Dans une déclaration choc, le président américain a affirmé que les Etats-Unis assumeront provisoirement la gouvernance du Venezuela, le temps, dit-il, de garantir une transition sûre et stable après l’arrestation du président vénézuélien Nicolás Maduro et de son épouse Cilia Flores. Lors d’une conférence de presse tenue il y a de cela quelques heures, Trump a salué une « Opération parfaitement exécutée », menée par des forces spéciales américaines dans la nuit à Caracas.
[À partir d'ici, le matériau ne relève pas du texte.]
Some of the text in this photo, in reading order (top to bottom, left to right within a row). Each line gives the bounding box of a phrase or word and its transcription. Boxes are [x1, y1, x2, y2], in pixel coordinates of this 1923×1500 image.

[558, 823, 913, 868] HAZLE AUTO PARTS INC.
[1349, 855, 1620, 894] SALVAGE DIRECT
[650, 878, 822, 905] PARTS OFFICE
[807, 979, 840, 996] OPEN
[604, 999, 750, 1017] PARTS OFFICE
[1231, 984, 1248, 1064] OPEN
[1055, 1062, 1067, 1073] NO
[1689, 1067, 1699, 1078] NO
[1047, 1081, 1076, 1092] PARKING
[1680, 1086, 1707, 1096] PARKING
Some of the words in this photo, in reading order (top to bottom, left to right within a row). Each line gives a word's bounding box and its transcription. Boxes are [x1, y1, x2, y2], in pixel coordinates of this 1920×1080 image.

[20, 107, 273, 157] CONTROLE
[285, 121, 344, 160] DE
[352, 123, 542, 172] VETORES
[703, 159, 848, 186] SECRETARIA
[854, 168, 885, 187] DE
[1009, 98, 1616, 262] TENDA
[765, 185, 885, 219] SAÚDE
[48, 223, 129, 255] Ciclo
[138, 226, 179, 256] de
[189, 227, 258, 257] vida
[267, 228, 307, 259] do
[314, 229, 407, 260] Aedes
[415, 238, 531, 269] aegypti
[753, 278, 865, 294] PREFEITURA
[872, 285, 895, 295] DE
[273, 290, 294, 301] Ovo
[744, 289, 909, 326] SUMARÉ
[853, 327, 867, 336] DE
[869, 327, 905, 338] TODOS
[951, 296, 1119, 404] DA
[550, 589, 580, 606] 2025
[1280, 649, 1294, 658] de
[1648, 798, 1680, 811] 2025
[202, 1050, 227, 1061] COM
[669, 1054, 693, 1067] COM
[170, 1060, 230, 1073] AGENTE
Selon ses propos, l’intervention s’est déroulée dans l’obscurité totale, « Les lumières de la ville ayant été coupées grâce à une expertise maîtrisée ».
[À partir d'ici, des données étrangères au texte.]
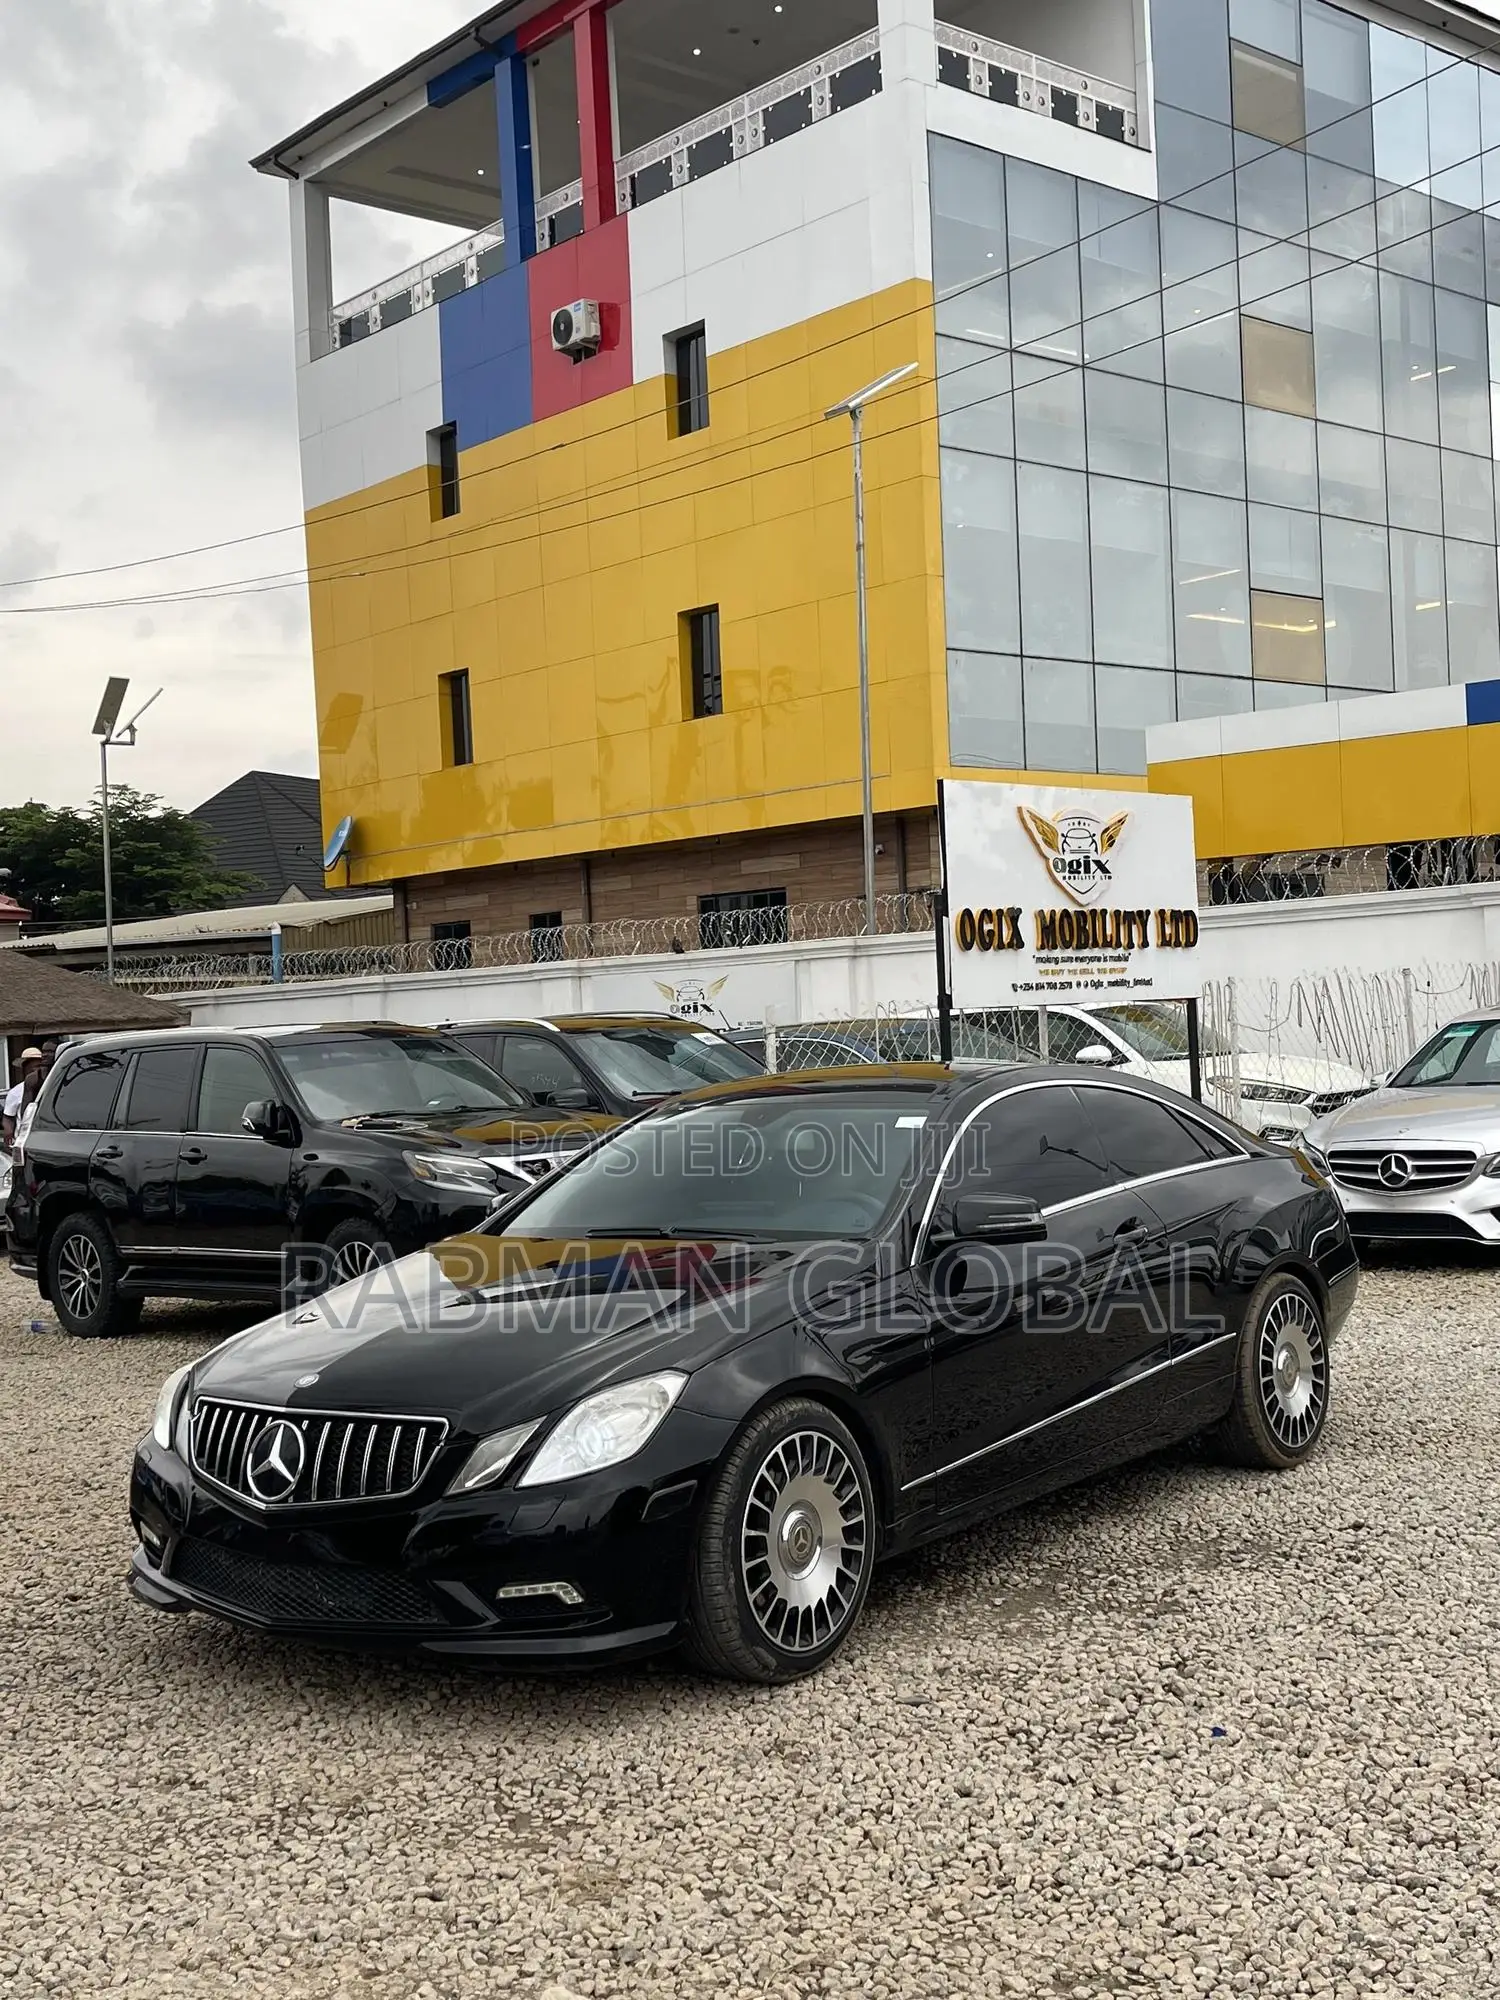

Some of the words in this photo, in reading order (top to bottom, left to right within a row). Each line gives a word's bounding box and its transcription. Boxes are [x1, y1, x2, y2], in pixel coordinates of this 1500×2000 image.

[1053, 855, 1112, 875] Ogix
[955, 907, 1025, 951] OGIX
[1034, 908, 1151, 951] MOBILITY
[1155, 908, 1199, 949] LTD
[1075, 955, 1101, 964] everyone
[1102, 954, 1108, 963] is
« Aucune perte humaine ni matérielle n’a été enregistrée », s’est exprimé Donald Trump, ajoutant que les navires vénézuéliens en alerte auraient été rapidement « neutralisés ». Il a insisté sur la puissance militaire des États-Unis : « Nous sommes les plus forts sur cette planète, avec le meilleur équipement du monde ». Liant l’opération à la lutte contre le narcotrafic, il a affirmé que 97 % de la drogue transitait par voie maritime et que le Venezuela constituait l’un des points de départ majeurs. « Chaque bateau tue 25 000 personnes », a-t-il lancé.
Trump a enfin annoncé que les compagnies pétrolières américaines interviendront prochainement sur le territoire vénézuélien pour « réhabiliter les infrastructures et relancer la production au bénéfice du peuple ».
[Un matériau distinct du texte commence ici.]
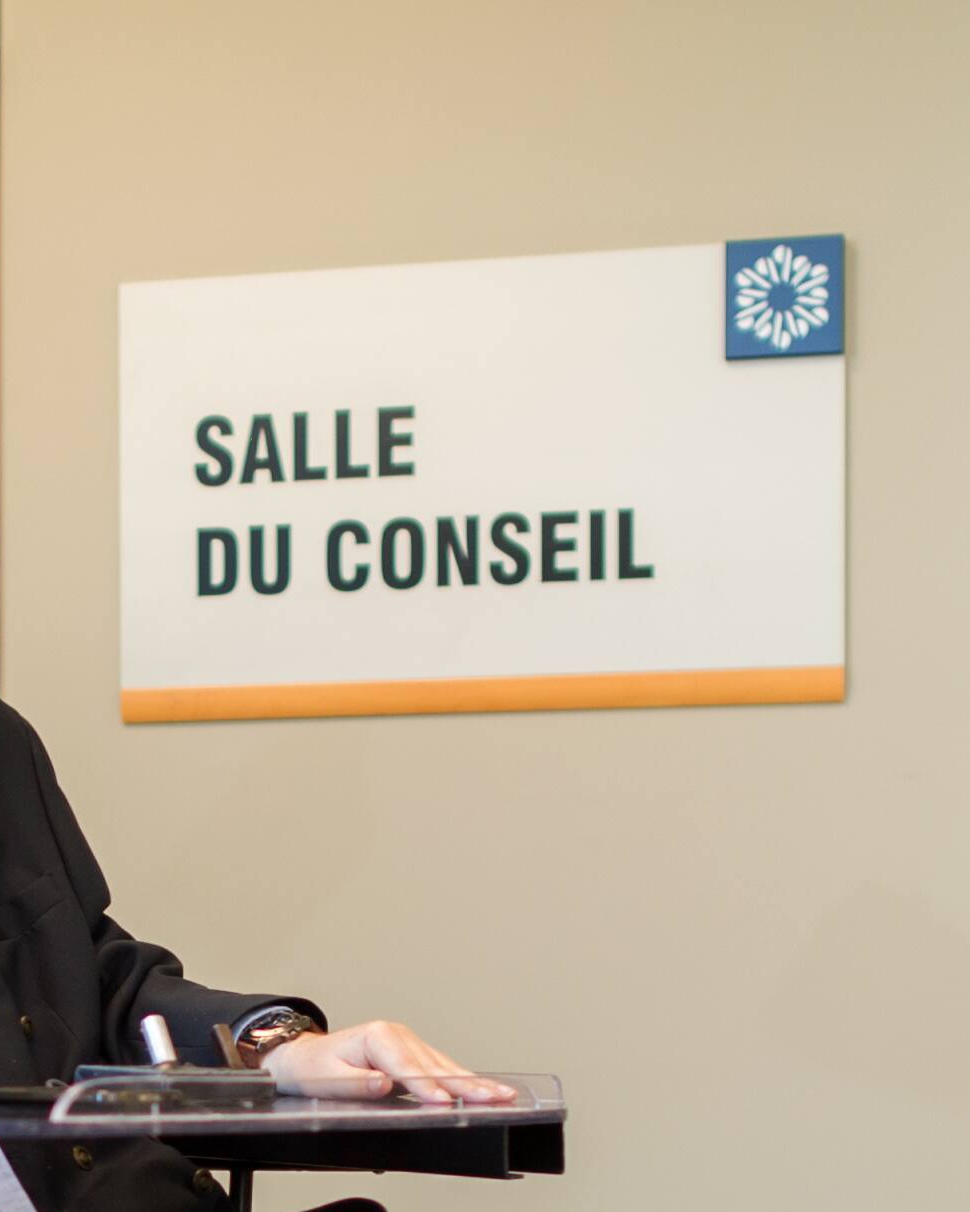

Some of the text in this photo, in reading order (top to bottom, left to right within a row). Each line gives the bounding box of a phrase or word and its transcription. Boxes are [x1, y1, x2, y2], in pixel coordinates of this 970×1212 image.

[194, 405, 416, 488] SALLE
[196, 508, 655, 597] DU CONSEIL
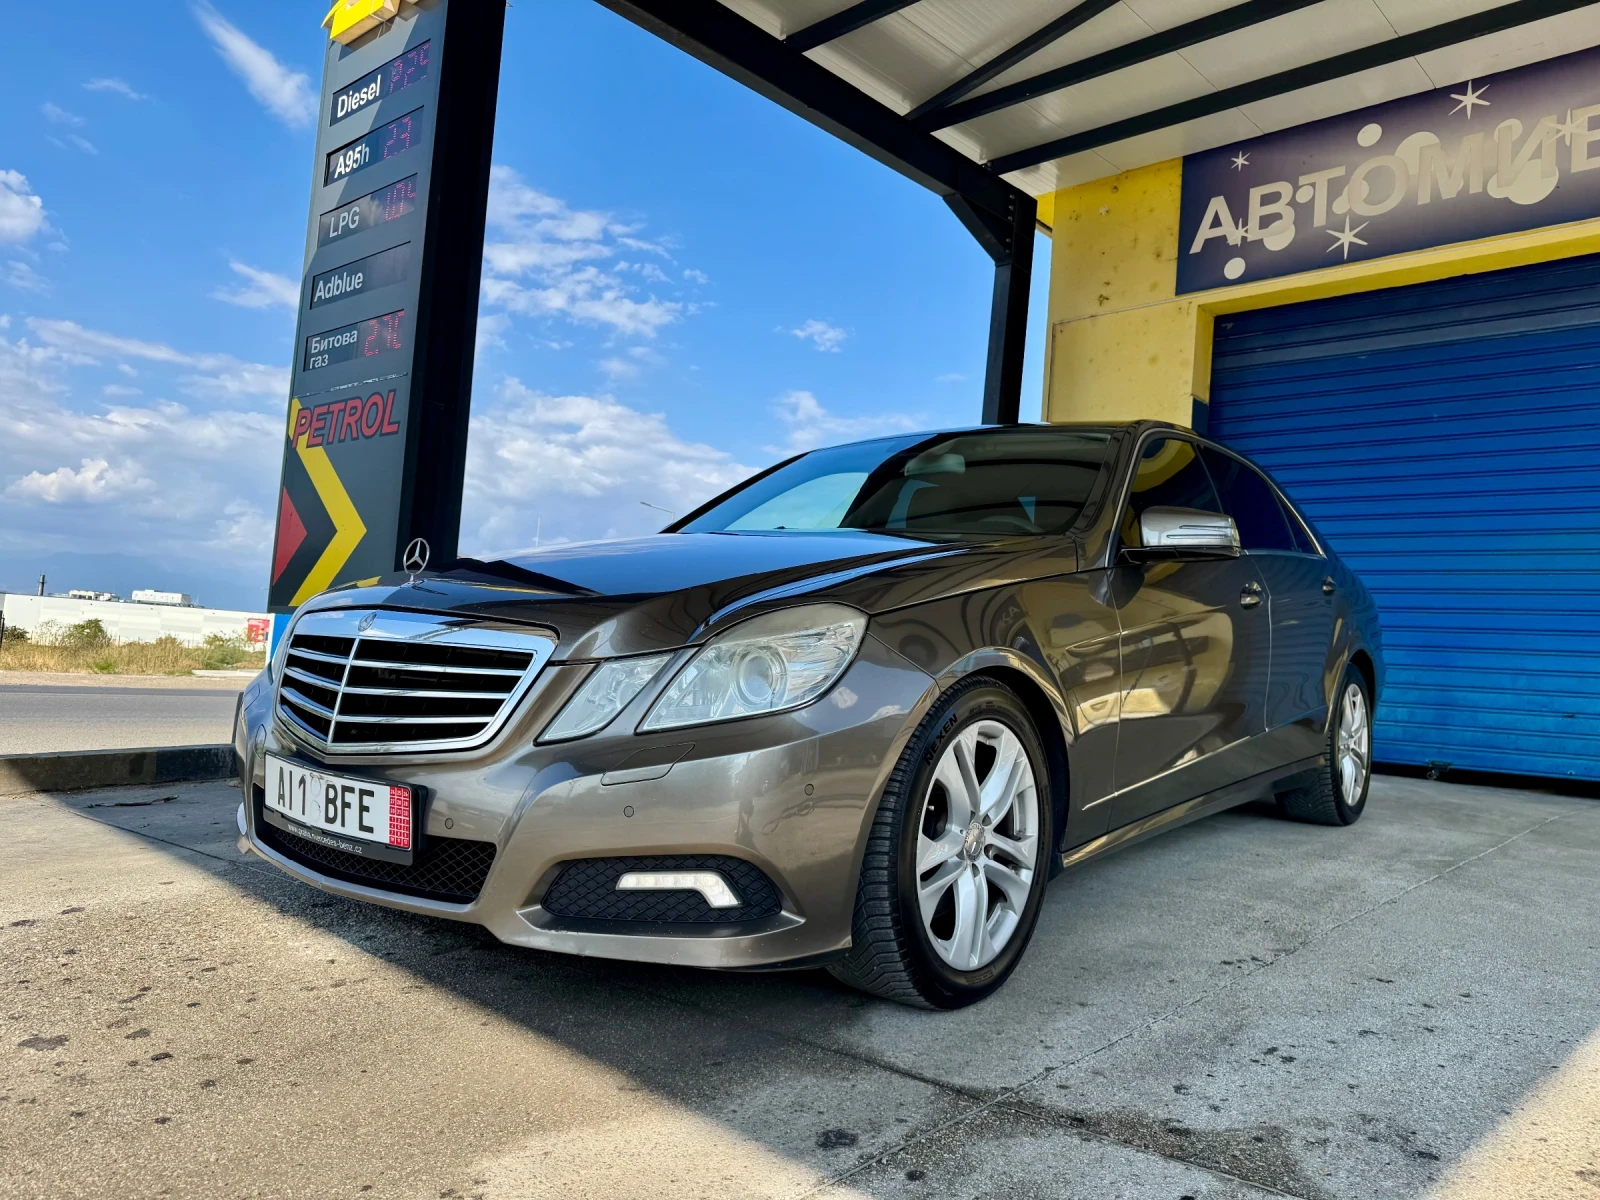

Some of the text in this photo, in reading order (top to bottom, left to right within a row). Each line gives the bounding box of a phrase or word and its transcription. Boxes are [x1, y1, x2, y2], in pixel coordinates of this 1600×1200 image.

Donald Trump, un chef de paix ou un provocateur de guerre ?
Cette annonce marque un tournant sans précédent dans les relations internationales et soulève de vives interrogations sur la souveraineté des États. En s’autoproclamant dirigeant temporaire du Venezuela, Donald Trump bouscule les normes diplomatiques et institutionnelles, exposant les États-Unis à de potentielles critiques sur l’ingérence. Si l’opération militaire est saluée pour sa précision, elle ouvre aussi un débat sur la légalité d’une telle intervention. Reste à savoir comment la communauté internationale notamment l’ONU, l’Union européenne et surtout bien dangereusement la Chine , la Russie , l’Iran et la Turquie ( les premiers alliés du Venezuela ) réagira à cette prise de contrôle inattendue d’un État souverain. Une période d’incertitude géopolitique s’annonce.